Pongo la radio y me asalta que se ha producido un intento de asesinato de Trump. Me quedo a cuadros. Efectivamente vivimos en el Día de la Marmota.

     Una vez que se desvele el resultado de las elecciones del 5 de noviembre no va a ser sencillo analizar lo que ha pasado y por qué. Se requerirá un compendio de tesis doctorales para escudriñar en el laberinto, salvo que la inteligencia artificial le eche arrestos y lo clave en un periquete. Cuando nos quedamos de piedra con el que disparó y se cargaron en julio durante un acto al aire libre coincidiendo con los síntomas de senectud que venía televisando Biden dijimos no hay partido, se va a salir de la tabla. Ahora ya la repetición de la jugada reduce la intensidad del impacto y, por si fuera poco, durante un reciente mitin en Las Vegas le llevaron al candidato republicano el apoyo de una figura del reguetón y, antes de que esta apareciera por el estrado, el propio expresi lo presentó como la superestrella latina Nicky Jam: «¿Conoces a Nicky? ¡Está buenísima!» Y mira por donde Nicky es un tío.

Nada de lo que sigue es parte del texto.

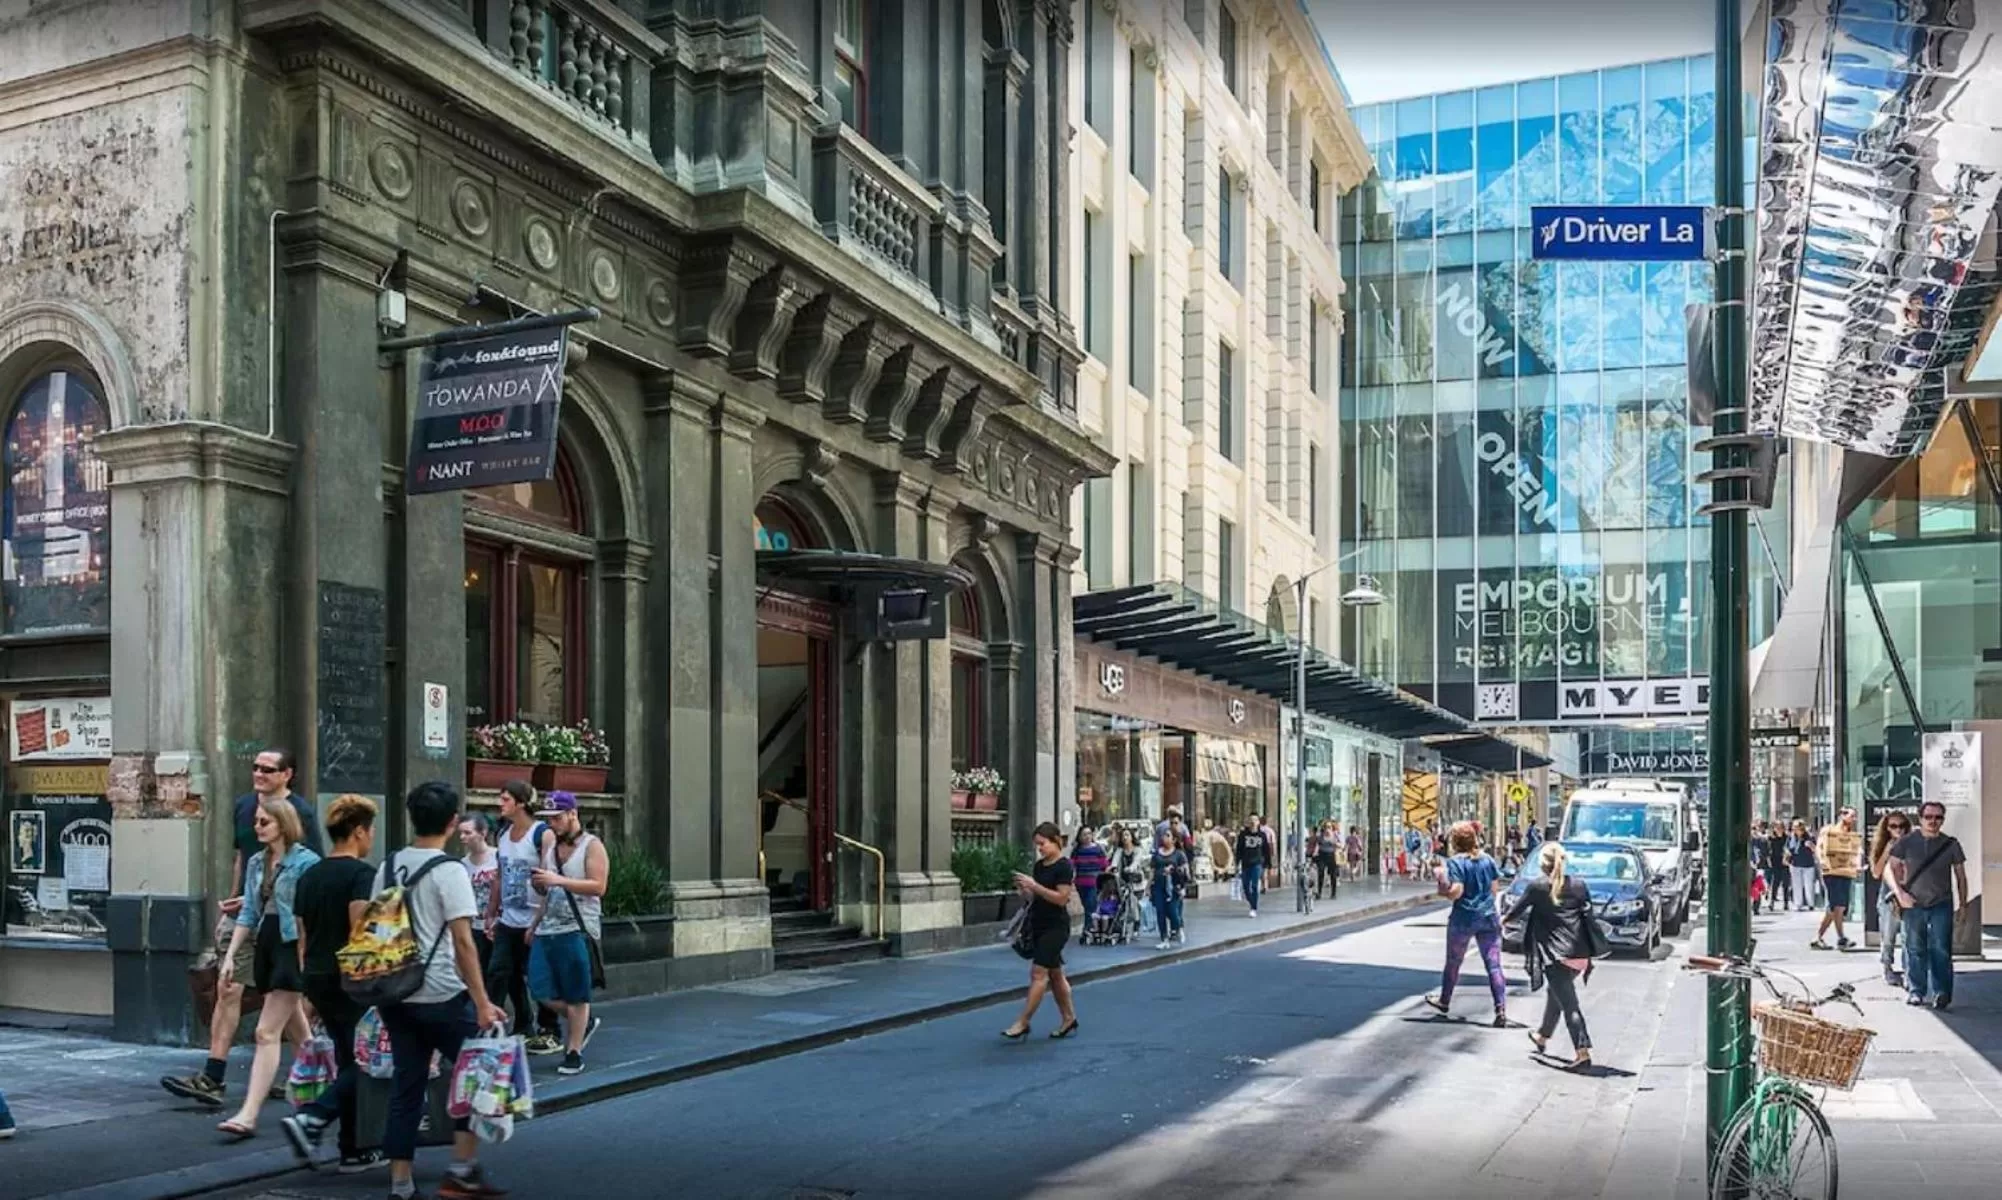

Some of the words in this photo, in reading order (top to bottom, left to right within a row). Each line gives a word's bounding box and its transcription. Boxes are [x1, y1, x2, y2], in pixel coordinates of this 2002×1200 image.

     El hombre armado que se pertrechó a unos 400 metros del objetivo en el campo de golf cuenta con un arsenal de antecedentes y anda entregado a la causa ucraniana de modo insano. Tanto que en sus alegatos por redes también puso al presidente y a Kamala en la diana por no hacer lo suficiente. Pero esto al otro le da igual y le ha servido para señalar que la retórica de aquellos está provocando que «me disparen cuando soy yo quien va a salvar al país». Francotiradores al margen, la encarnizada polarización allí viene con música. Taylor Swift ha puesto al patio de su género en ebullición por la ocurrencia de las huestes trumpistas de frivolizar en torno a la maternidad con eso de las «mujeres sin hijos con gatos» y tiene a los machirulos contentos. El aspirante anaranjado ha escrito que la odia y su amiguete Elon Musk ha borrado un tuit en el que preguntaba por qué nadie atenta contra Biden y Harris. La peña anda fuera de sí. A ver si pierde Trump y lo dejan tranquilo.